Who opposes standing up to Putin? J.D., Jordan and Trump.

Who is blocking aid to Ukraine? J.D., Jordan and Trump.

Who won’t fix the border? J.D., Jordan and Trump. 

Admittedly, this will be a much more difficult lift for Biden than it was for FDR.

In 1940, Roosevelt faced a divided Republican Party, but one that was moving slowly, painfully and somewhat reluctantly away from its isolationist base. The nomination of Willkie over avowed isolationist Robert A. Taft and non-interventionist Thomas Dewey had been a shocking repudiation of the America Firsters.

But Roosevelt knew he still had work to do. He never mentioned Willkie in his Oct. 28 speech because Willkie was not really his target. Roosevelt worried deeply about public opinion, and isolationists still dominated the GOP in Congress. Roosevelt saw a chance to drive a wedge between his Republican critics and the party’s presidential nominee.

Early on, Willkie had recognized the Nazi threat and had endorsed aiding Britain. With his support, he provided Roosevelt crucial political cover. Indeed, as historian Lynne Olson notes, “Willkie’s cooperation with Roosevelt just weeks after his nomination was … staggering.”

In the summer of 1940, Willkie agreed not to make a campaign issue of FDR’s decision to send 50 destroyers to Britain. Even more controversial: Willkie broke with fellow Republicans by backing legislation to create the nation’s first peacetime draft. “The bill was political dynamite,” wrote Olson. “If Willkie had opposed it, it almost certainly would have failed. Thanks to its passage, some 1.65 million men were in uniform when America finally entered the war in December 1941.”

Willkie’s support for Roosevelt’s war efforts, however, came at a high personal cost. GOP leaders regarded him as a turncoat, and they essentially excommunicated him. He died of a heart attack in 1944 at the age of 52.

But Willkie’s ascendancy in 1940 marked the beginning of a generations-long shift in the GOP, as the party moved away from the isolationism of “Martin, Barton and Fish.” Barton was defeated in a bid for the Senate the month after Roosevelt’s speech; Fish was defeated in 1944; Martin continued to serve as Republican leader until 1958, but eventually joined the party’s internationalist wing. In 1952, Republicans would nominate Dwight Eisenhower (with Martin’s support) over the isolationist Taft, who had voted against joining NATO.

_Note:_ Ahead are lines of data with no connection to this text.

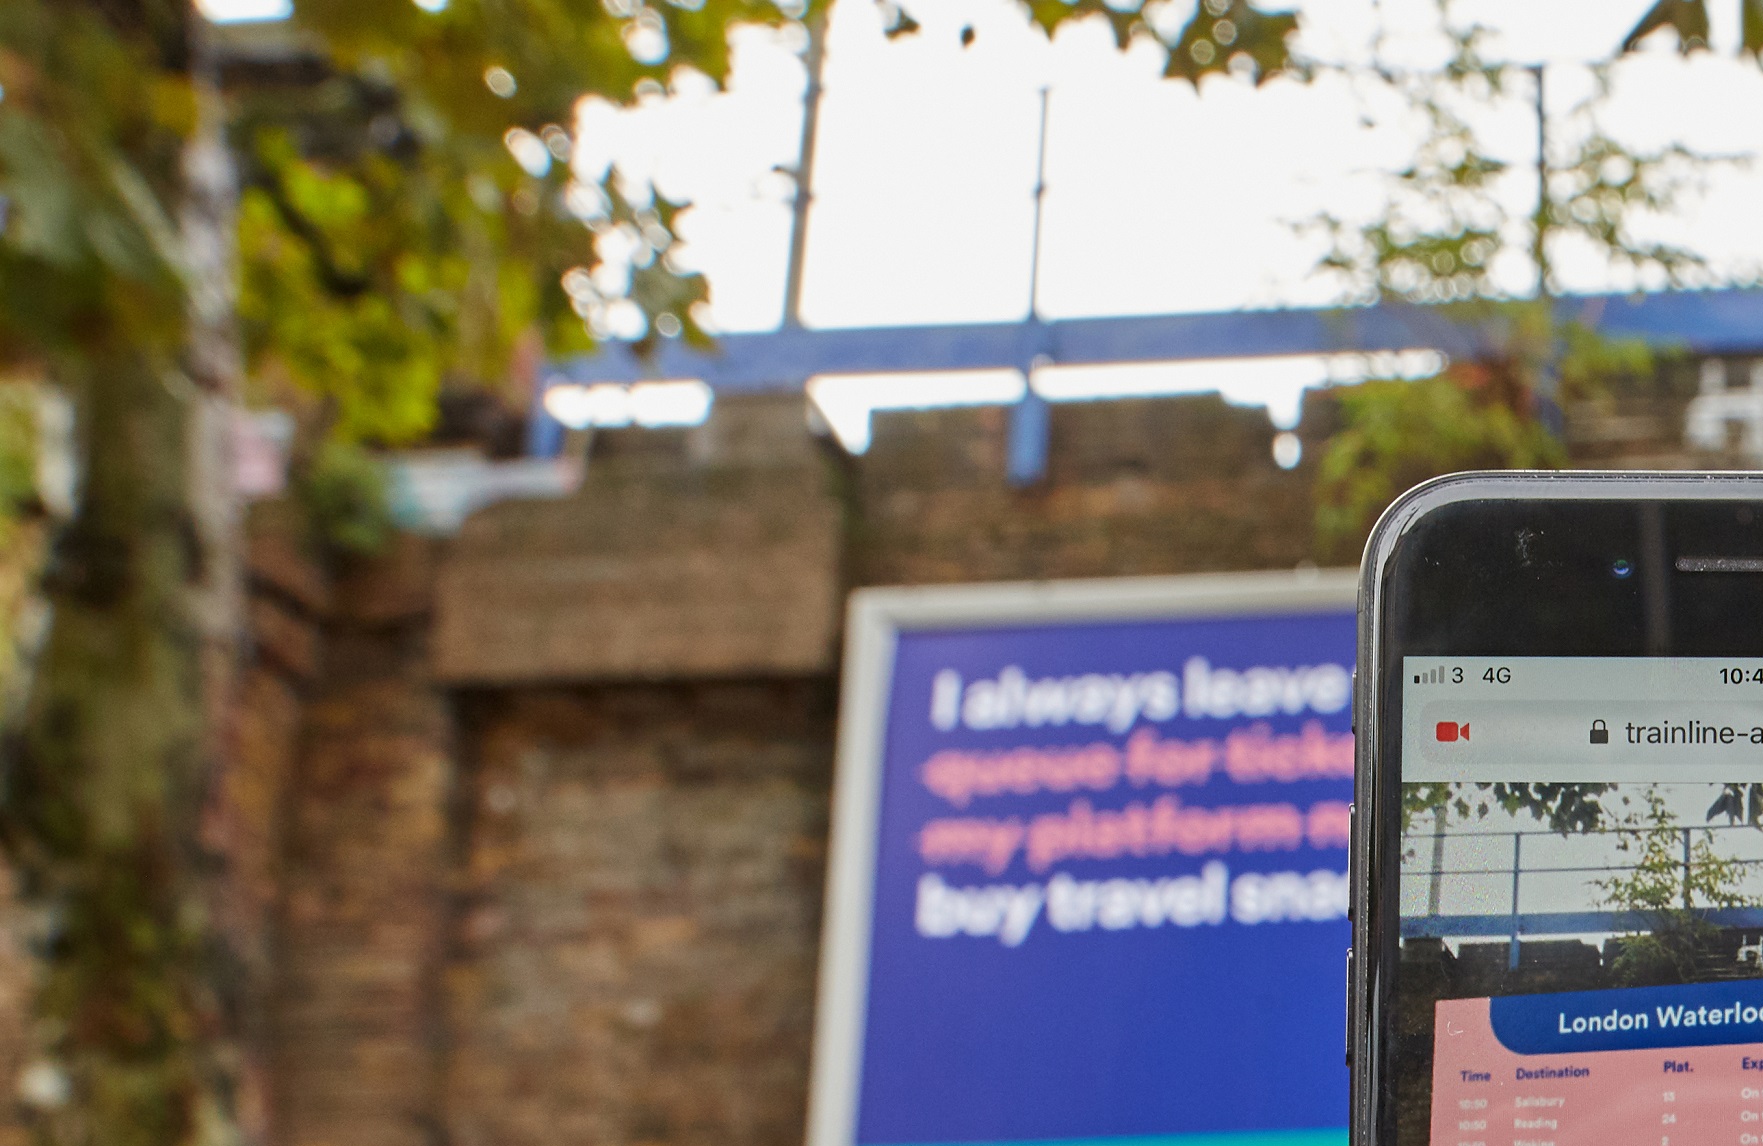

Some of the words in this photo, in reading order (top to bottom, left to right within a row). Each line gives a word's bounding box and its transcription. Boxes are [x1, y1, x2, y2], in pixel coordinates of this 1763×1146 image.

[1452, 667, 1463, 683] 3
[1483, 667, 1511, 684] 4G
[962, 665, 1179, 733] always
[1183, 656, 1351, 719] leave
[914, 872, 1043, 948] buy
[1047, 860, 1230, 933] travel
[1559, 1009, 1648, 1033] London
[1460, 1070, 1491, 1082] Time
[1516, 1066, 1590, 1080] Destination
[1664, 1061, 1693, 1073] Plat.
[1741, 1088, 1759, 1099] On
[1741, 1111, 1758, 1122] On
[1740, 1134, 1758, 1145] On

That tradition would continue for more than 70 years — until the GOP became a wholly owned subsidiary of Donald Trump. In his State of the Union speech two weeks ago, Biden highlighted the party’s radical transformation:

“It wasn’t long ago when a Republican president named Ronald Reagan thundered, ‘Mr. Gorbachev, tear down this wall.’ Now my predecessor, a former Republican president, tells Putin, quote, ‘Do whatever the hell you want.’”

When FDR spoke, the world was on fire — the Nazis had rolled through Poland a year before, and German bombers had been pounding Britain for more than three months — but his Republican rival would become a willing partner in trying to save it. The GOP was in the process of moving toward a bipartisan foreign policy. By singling out the three America Firsters — Martin, Barton and Fish — but not mentioning the man he was actually running against, Roosevelt was able drive a deeper wedge into the GOP and highlight the growing fissure over the war.

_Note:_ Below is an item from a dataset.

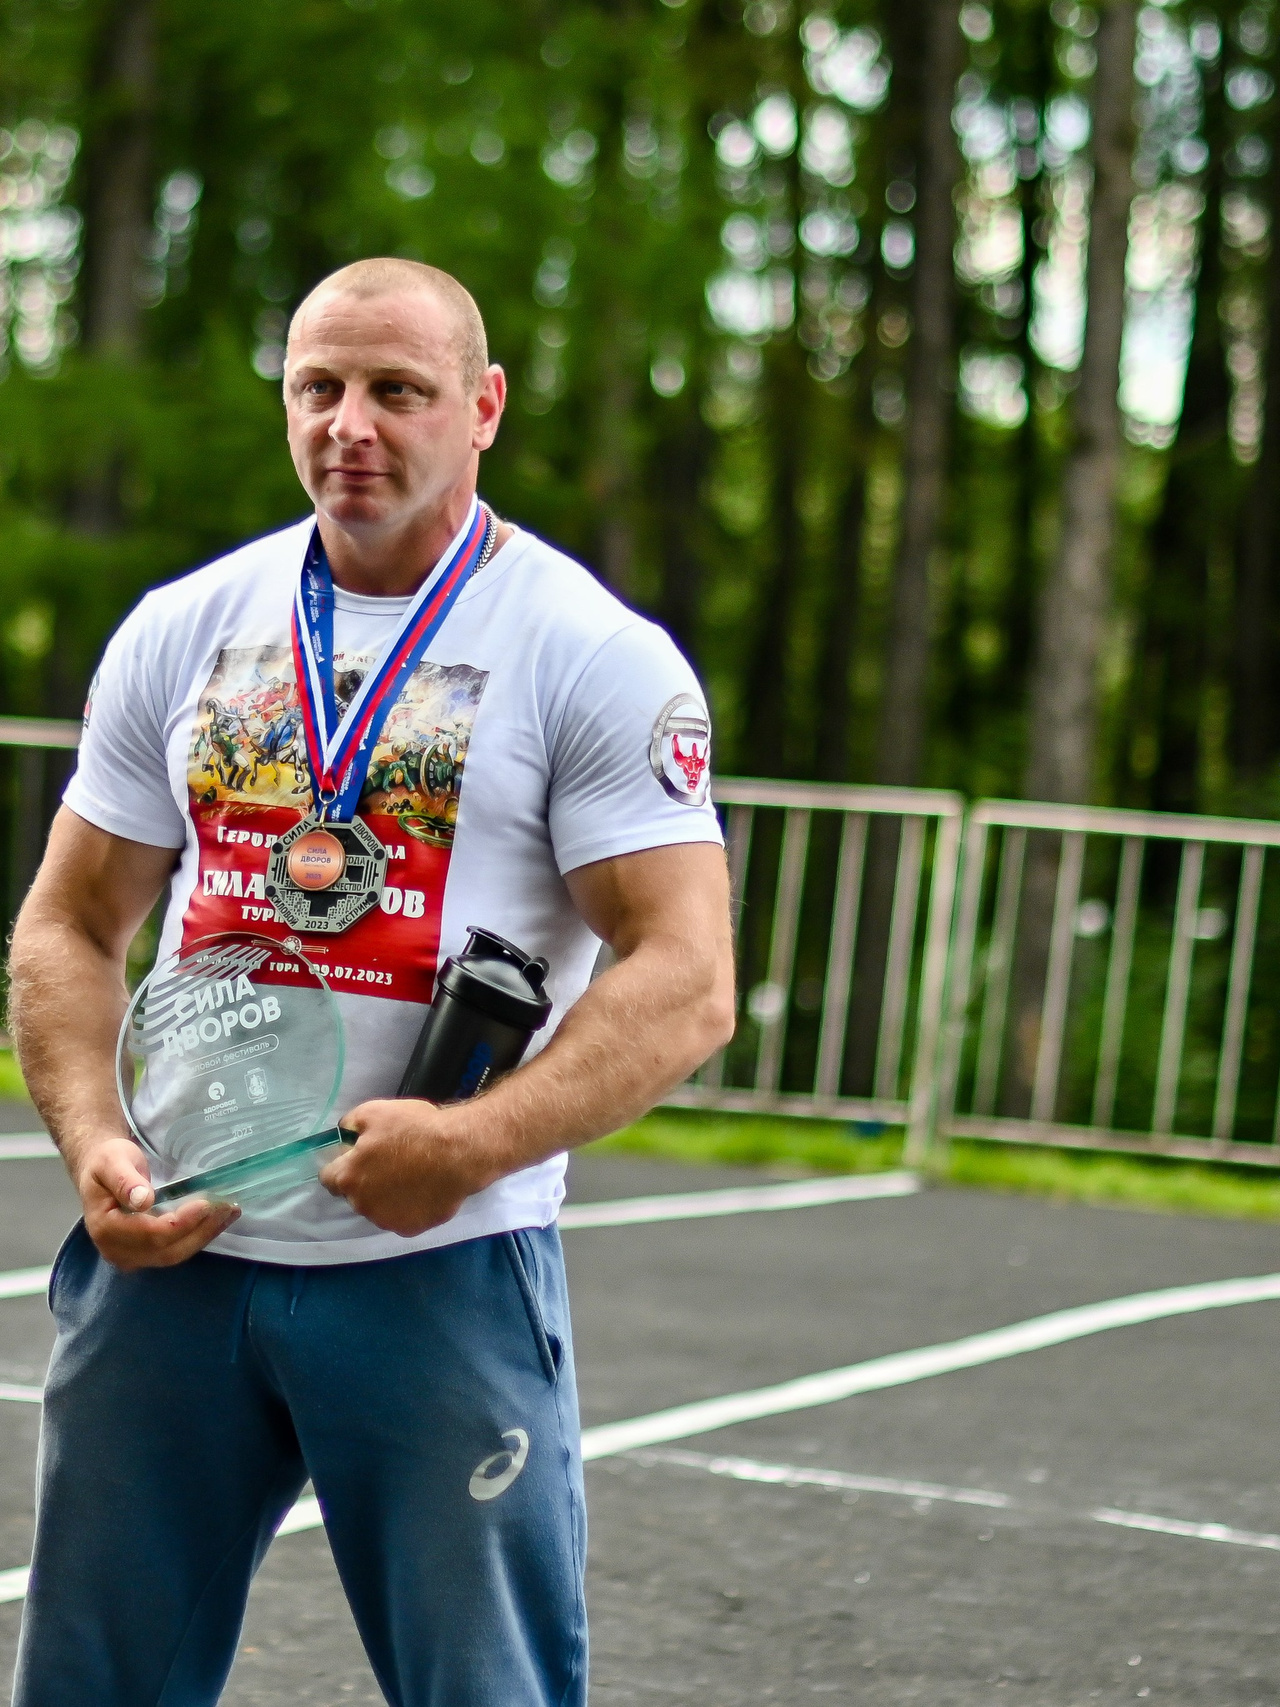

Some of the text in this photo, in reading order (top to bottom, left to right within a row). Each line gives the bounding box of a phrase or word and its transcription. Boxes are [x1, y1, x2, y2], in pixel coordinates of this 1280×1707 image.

The world is on fire now, too. But Biden now faces a GOP that is headed in the opposite direction, wholly in the grip of an open admirer of authoritarian aggression. Twenty-six of the Senate’s 49 Republicans voted against the recent aid package for Ukraine, which is mired in the third year of its war with Russia. And the trend is ominous. As Peter Wehner recently pointed out, “of the 17 Republican senators who were elected beginning in 2018 and who are age 55 or younger, 15 voted no.”

But this also means that the party remains divided and that Biden has a chance to highlight those divisions. Biden showed some feistiness at the State of the Union and a willingness to call out the opposition — albeit without naming Trump or other MAGA leaders.

But, perhaps it’s time for Biden to up his game and once again, start naming names. Trump himself has frequently (and effectively) taunted his opponents. But it was FDR who was the master of the art. And Biden could learn from him.